Il test si puo’ eseguire dalla decima settimana di gestazione, e i risultati si ricevono in 15 giorni. ”L’aspetto rivoluzionario di questo esame consiste nella possibilita’ di individuare, con un’elevata accuratezza, la presenza delle trisomie fetali piu’ frequenti, attraverso un metodo non invasivo e che non comporta rischio di aborto. Ad oggi, in Italia, l’unico modo per sapere certamente se il feto presenti anomalie dei cromosomi e’ quello di sottoporsi a esami invasivi quali villocentesi e amniocentesi.

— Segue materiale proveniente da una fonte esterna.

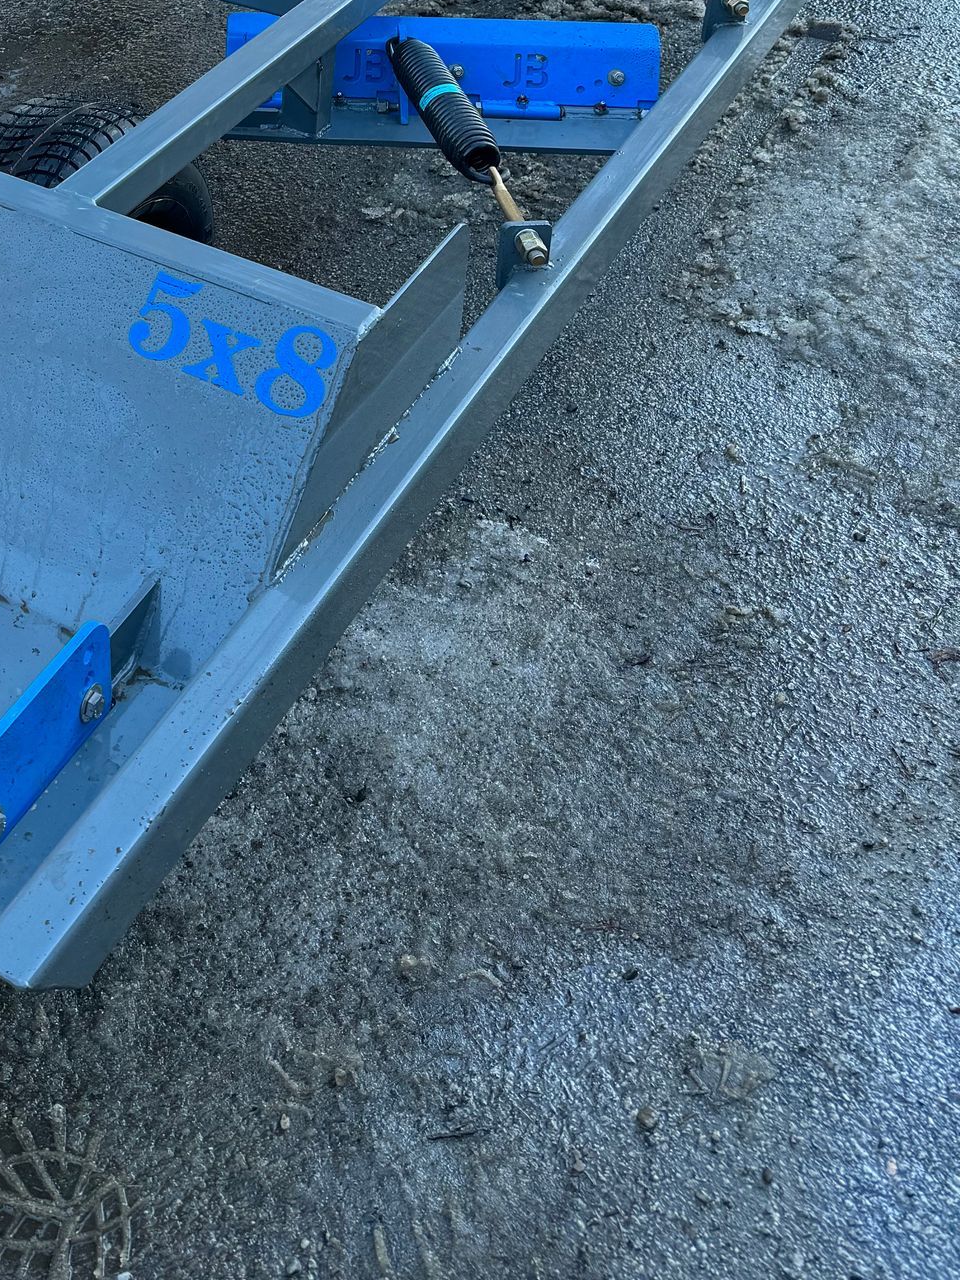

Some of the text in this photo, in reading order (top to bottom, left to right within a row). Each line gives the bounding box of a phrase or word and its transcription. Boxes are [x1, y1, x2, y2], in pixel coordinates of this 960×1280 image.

Tali procedure, tuttavia – ricordano gli esperti – comportano sempre un rischio aggiuntivo di aborto (1 caso ogni 150-200 circa)”. D’altro canto, ”il test combinato del primo trimestre, detto Dual Test, pur essendo non invasivo, ha un’attendibilita’ inferiore nello stabilire il rischio a priori di una donna nell’avere un bambino con le suddette anomalie cromosomiche, presentando circa il 10% di mancati riconoscimenti della malformazione”. Il nuovo test, in pratica, ha un tasso di errore ”50 volte inferiore a quello degli attuali esami di screening” e per questo ”riduce in maniera significativa il rischio che una gestante venga indirizzata inutilmente a sottoporsi ad un approfondimento diagnostico invasivo come l’amniocentesi”.